The Sermon on the Mount was his kingdom manifesto, manifested in his life. The king brings the blessing of the kingdom to the poor. He comforts those who mourn. In his cross, the meek inherit the earth. He satisfies our hunger and thirst for the realm to be set right.
This king commissions his people to do the same, to embody the life of the kingdom as he did. It’s the only thing we can do that makes a lasting difference:
Matthew 7:24–27 (NIV)
24 “Therefore everyone who hears these words of mine and puts them into practice is like a wise man who built his house on the rock. 25 The rain came down, the streams rose, and the winds blew and beat against that house; yet it did not fall, because it had its foundation on the rock. 26 But everyone who hears these words of mine and does not put them into practice is like a foolish man who built his house on sand. 27 The rain came down, the streams rose, and the winds blew and beat against that house, and it fell with a great crash.”
Picture the crowd on Galilee’s hills. They knew the history behind these words. The house of Abraham had fallen so many times. They had been slaves in Egypt, pillaged in the time of Judges, battling the nations in the time of the kings. The house of Israel came crashing down before Assyria, and they were washed away into exile in Babylon.

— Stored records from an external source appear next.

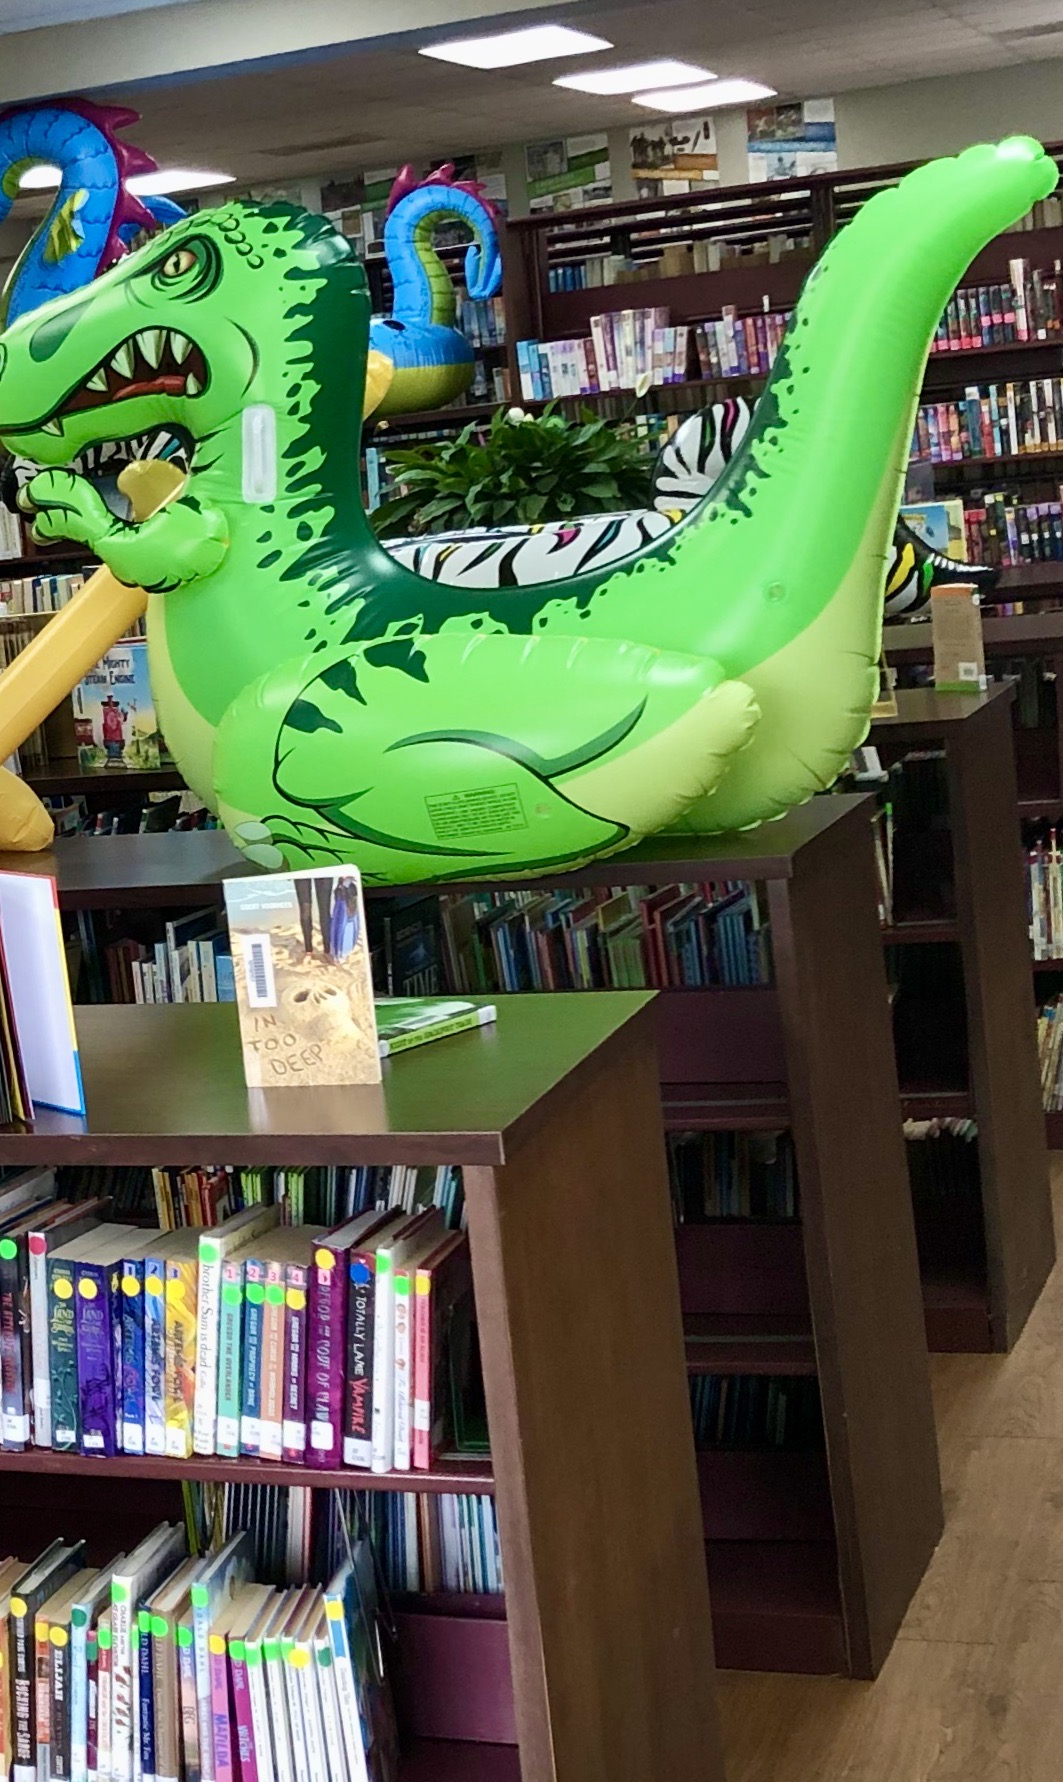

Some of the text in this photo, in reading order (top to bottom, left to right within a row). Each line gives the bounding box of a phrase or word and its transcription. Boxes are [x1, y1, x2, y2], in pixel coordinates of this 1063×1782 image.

[254, 1014, 277, 1031] IN
[248, 1033, 297, 1053] TOO
[270, 1043, 323, 1075] DEEP
[202, 1265, 214, 1305] brother
[228, 1269, 233, 1278] 1
[249, 1269, 256, 1278] 2
[271, 1272, 277, 1281] 3
[292, 1270, 300, 1282] 4
[2, 1292, 14, 1306] THE
[201, 1306, 212, 1332] Sam
[123, 1314, 134, 1364] ARTEMIS
[151, 1320, 161, 1401] ARTEMIS FOWL
[200, 1343, 212, 1368] dead
[248, 1345, 256, 1381] PROPHECY
[317, 1340, 330, 1368] CODE
[349, 1296, 369, 1433] TOTALLY LAME VAMPIRE
[317, 1372, 330, 1388] OF
[119, 1606, 127, 1634] CHARLIE
[55, 1649, 64, 1701] ELIJAH
[141, 1648, 150, 1675] DAHL
[184, 1656, 192, 1679] DAHL
[15, 1679, 30, 1719] BUCKING
[235, 1670, 251, 1762] DAHL WITCHES
[17, 1732, 31, 1760] SARGE
[143, 1747, 151, 1760] Fox
[214, 1713, 229, 1768] MATILDA
[55, 1755, 64, 1775] CURTIS

Now their heavenly sovereign had anointed a ruler to rescue them, to restore heaven’s reign on earth. This divinely appointed king tells his people, “Put this kingdom instruction into practice. Only if you live as the kingdom can the house survive.”
King Jesus did not wander around his realm pointing out people’s failures, and he didn’t commission us to do that either. He was the homeless king, wandering around his realm caring for his people. That’s what kingdom life looks like. Our calling is to enact his kingship — doing for others what we would enjoy, what the king wants for them.
Can we do church life so it looks like that? What would be different if our goal was to incarnate the life of our king on earth? What must we realign to fulfil that commission?
Imagine life on earth when the kingdom of God defines what the church does. Jesus did.